_EXERCISE OBJECTIVE:_
Pictures do not belong in the copy; retype the records below exactly.

[Saved data entries]
⁂

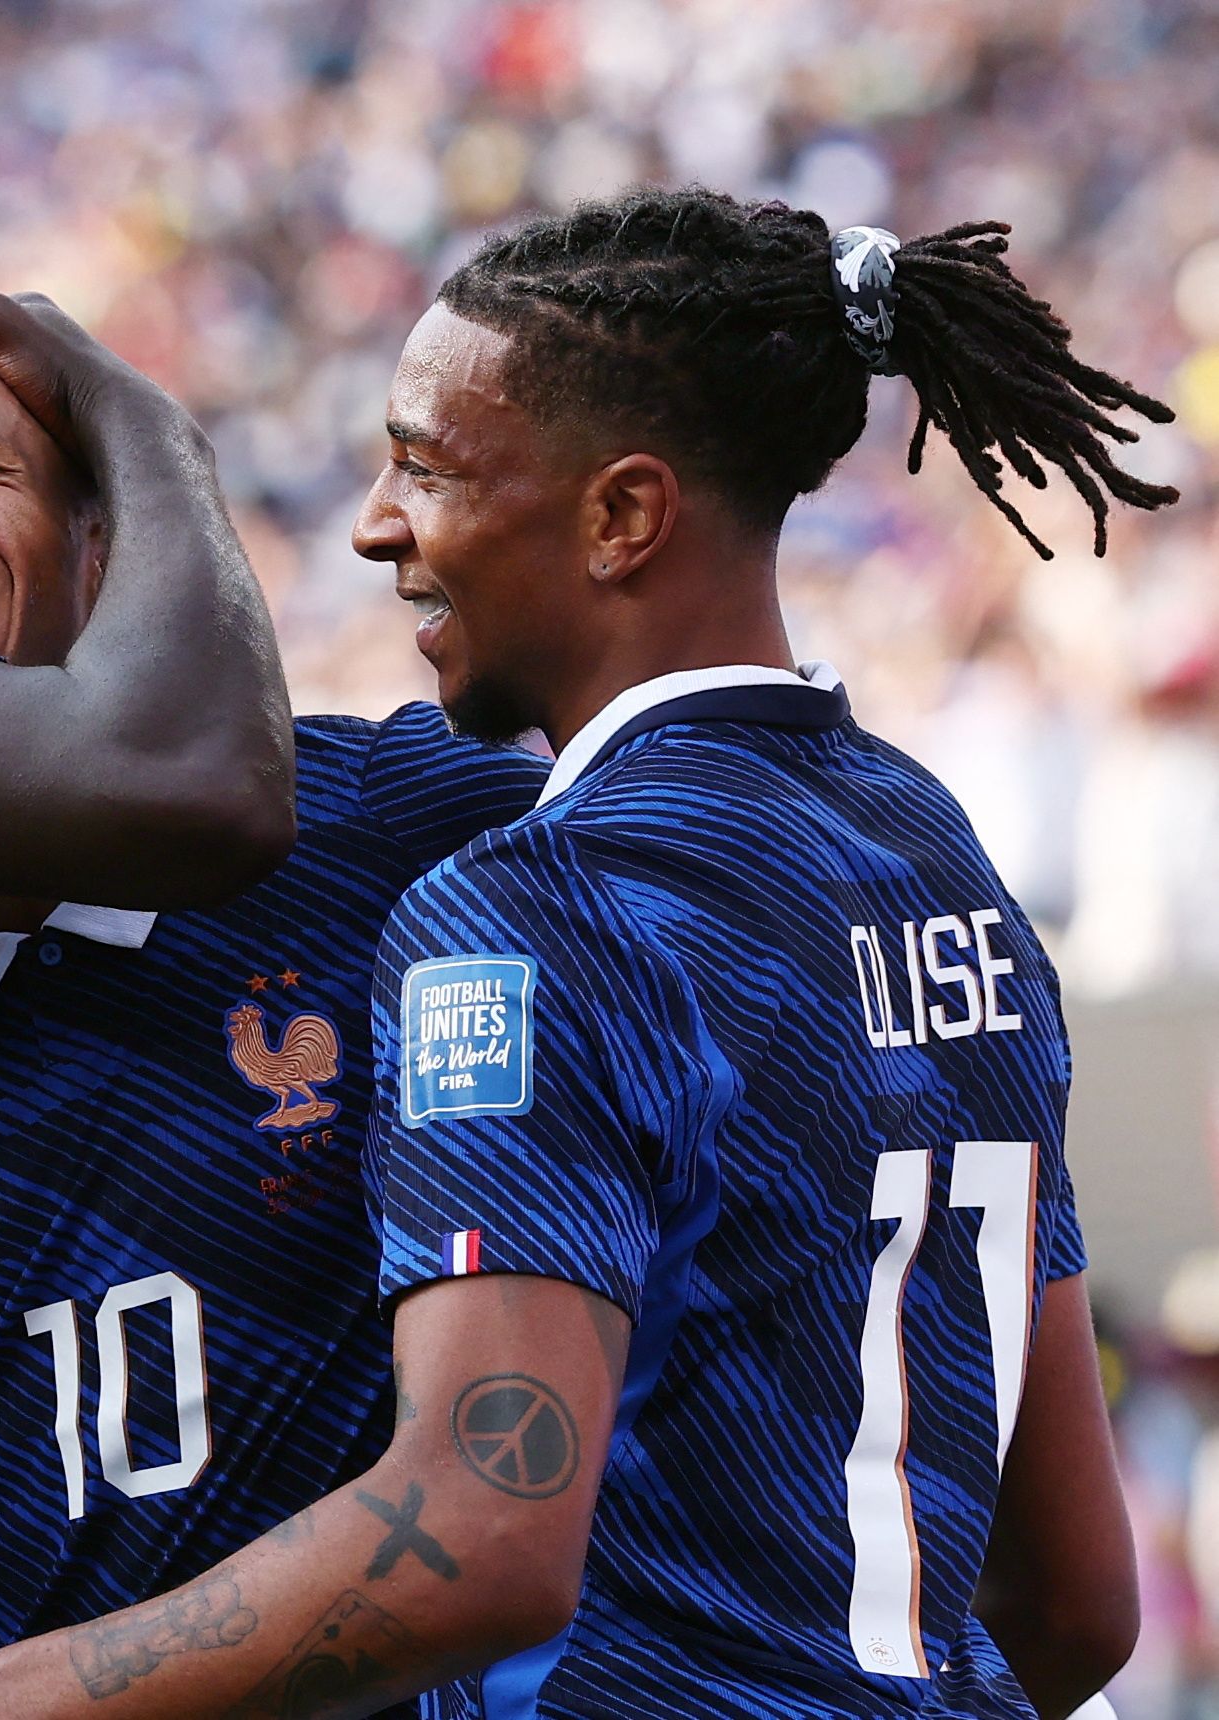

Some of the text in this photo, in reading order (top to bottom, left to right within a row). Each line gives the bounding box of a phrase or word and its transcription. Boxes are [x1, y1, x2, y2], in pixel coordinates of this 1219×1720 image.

[421, 979, 506, 1011] FOOTBALL
[851, 908, 1022, 1049] OLISE
[420, 1004, 507, 1044] UNITES
[415, 1037, 512, 1077] the World
[439, 1073, 476, 1091] FIFA
[24, 1271, 213, 1521] 10
[845, 1141, 1039, 1679] 11

⁂

_ANSWER BOX:_
Some of the text in this photo, in reading order (top to bottom, left to right within a row). Each line gives the bounding box of a phrase or word and its transcription. Boxes are [x1, y1, x2, y2], in pixel coordinates of this 1219×1720 image.

[421, 979, 506, 1011] FOOTBALL
[851, 908, 1022, 1049] OLISE
[420, 1004, 507, 1044] UNITES
[415, 1037, 512, 1077] the World
[439, 1073, 476, 1091] FIFA
[24, 1271, 213, 1521] 10
[845, 1141, 1039, 1679] 11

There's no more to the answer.